# Advantage Sharpening systems vs Benchstones?



## Sharpchef (Jun 24, 2016)

I am a Benchstone collector and pro user (as a chef).

Sharpening for years now, sharpened hundrets of knifes that way (for friends, workingmates and even for pro chefs for money), and got a little contest with a russian guy, who sharpened one of my selfmades with a custom system, that offered nearly 2times more edge retention.

I was shocked! 

What are your experiences benchstone VS system?

Greets SEbastian.


----------



## malexthekid (Jun 24, 2016)

I can't see how the system affects edge retention unless it uses a different angle.

would be interesting to see if it is a 100% like for like comparison.


----------



## Iggy (Jun 24, 2016)

malexthekid said:


> I can't see how the system affects edge retention unless it uses a different angle.



How about angle consistency?


----------



## Sharpchef (Jun 24, 2016)

We are working on this topic!

The main problem wasn`t the edge retention, but my assumption (and some of you guys may follow this) is that a more bity edge will last longer, so i usually sharpen with Chosera 5k max.

For the tested knives, a selfmade (high tungsten content steel 1.2562/like F2) and a Kato "non Workhorse" Gyuto 240mm, where sharpened by a russian sharpening system freak.
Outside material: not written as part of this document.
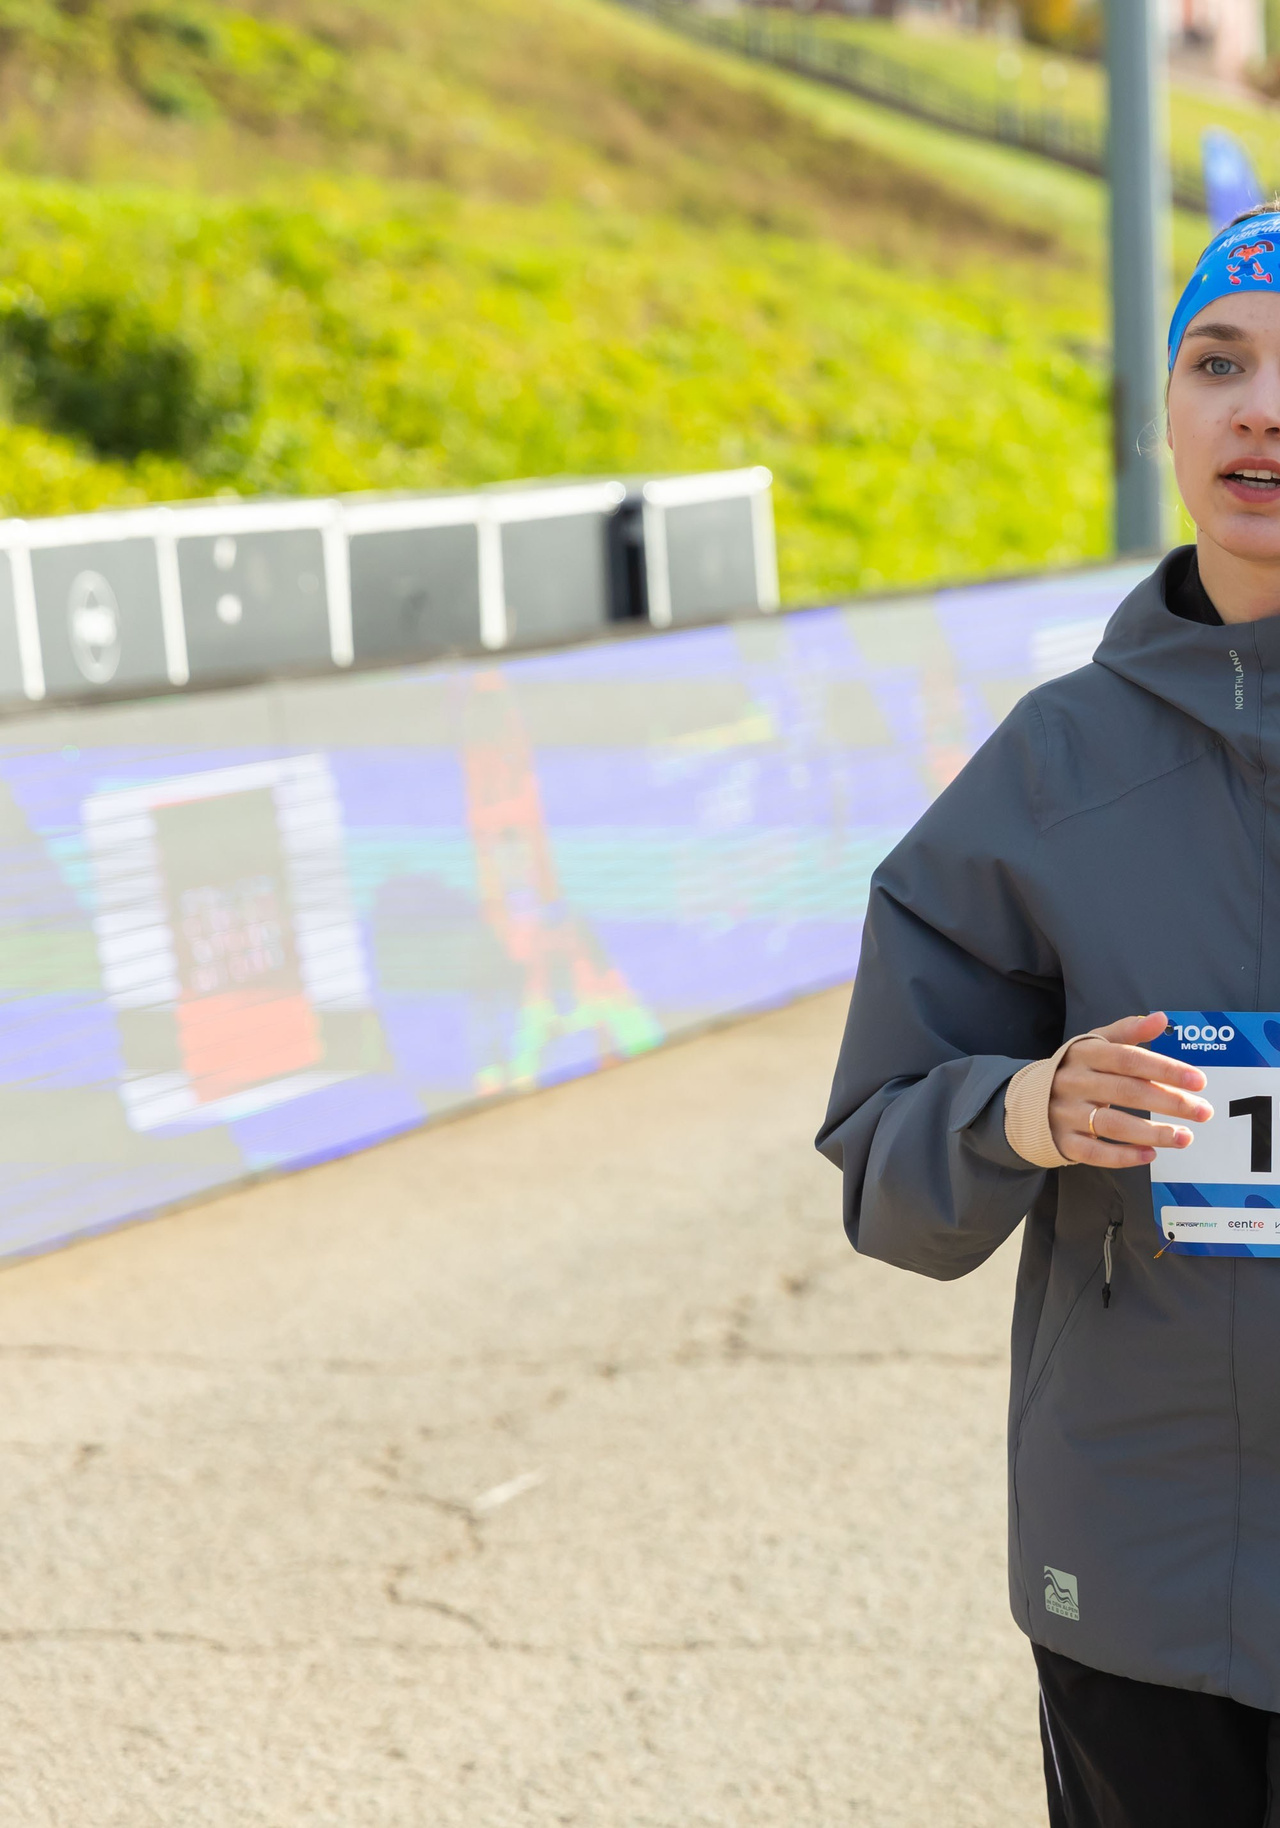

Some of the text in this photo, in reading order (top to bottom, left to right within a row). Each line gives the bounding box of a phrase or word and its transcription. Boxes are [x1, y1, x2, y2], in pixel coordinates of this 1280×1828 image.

[1229, 649, 1244, 710] NORTHLAND
[1173, 1024, 1235, 1042] 1000
[1181, 1042, 1227, 1052] метров
[1228, 1220, 1264, 1229] centre
My Touchup angles where about 38 degrees, and he sharpened a new bevel with exactly 36 degrees.

He made a full progression startet with low grit diamond hones, over Naniwa SS 1000-8000 followed by Blue belgian Whetstone, and finished on Nakayama Asagi (without Slurry), so the bevel was very polished, lets say at Naniwa SS 10000 Stage.
HHT 4 was possible on the whole blade.

I can get even results using Chosera 5k but never that sharp, with same edge retention.
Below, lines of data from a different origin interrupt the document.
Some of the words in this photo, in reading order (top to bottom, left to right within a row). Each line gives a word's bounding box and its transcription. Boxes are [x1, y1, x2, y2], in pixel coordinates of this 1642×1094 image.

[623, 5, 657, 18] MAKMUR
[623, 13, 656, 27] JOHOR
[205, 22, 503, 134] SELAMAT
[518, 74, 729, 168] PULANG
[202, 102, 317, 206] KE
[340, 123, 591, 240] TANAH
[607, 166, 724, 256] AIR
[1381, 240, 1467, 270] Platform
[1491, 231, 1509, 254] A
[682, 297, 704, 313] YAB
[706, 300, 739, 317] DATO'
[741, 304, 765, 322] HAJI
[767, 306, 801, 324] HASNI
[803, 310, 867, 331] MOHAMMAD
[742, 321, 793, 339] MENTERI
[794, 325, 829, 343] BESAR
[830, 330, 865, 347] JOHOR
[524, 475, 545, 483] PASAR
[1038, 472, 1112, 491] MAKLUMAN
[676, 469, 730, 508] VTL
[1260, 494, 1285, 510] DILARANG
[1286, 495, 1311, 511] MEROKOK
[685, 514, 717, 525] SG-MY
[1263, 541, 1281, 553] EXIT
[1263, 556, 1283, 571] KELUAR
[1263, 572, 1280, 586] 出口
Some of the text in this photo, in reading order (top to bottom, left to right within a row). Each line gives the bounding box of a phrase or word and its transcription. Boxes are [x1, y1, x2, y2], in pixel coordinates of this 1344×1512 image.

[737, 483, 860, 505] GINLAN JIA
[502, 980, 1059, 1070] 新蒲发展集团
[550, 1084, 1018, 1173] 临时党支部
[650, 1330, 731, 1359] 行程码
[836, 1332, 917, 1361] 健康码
My handmade one (HRC 67) cutted about 360 meals (mostly vedgetables and some meat, including Chicken bones etc. (but only at the joint) tomatoes, cucumbers, for salad (for 100 salads), and fruits for about 200 fruit salads and smoothies (Pineapple, apple, etc.)

If i do the same or alike highly polished bevel, like Nainiwa 10k or Nakayama Asagi, i can only cut the half of this. With same HHT level btw.

Greets Sebastian.


----------



## malexthekid (Jun 24, 2016)

Interesting. I would love to know if it is angle consistency at those higher grit stones.


----------



## Mucho Bocho (Jun 24, 2016)

Sharp, I was an EXPERT Edge Pro user for several years. Had every stone and piece of kit made for the EP. I could put a ripping even mirror polished bevel on any double bevel knife. What I didn't understand at that time, and most still don't, is that a sharp knife isn't necessarily a good cutting knife. Guided systems create a primary bevel with a distinct sharp shoulder. So the knife may penetrate the food, but when it slides up and hits that sharp shoulder, there will be sight resistance and hesitation. The larger the shoulder, the great the push back.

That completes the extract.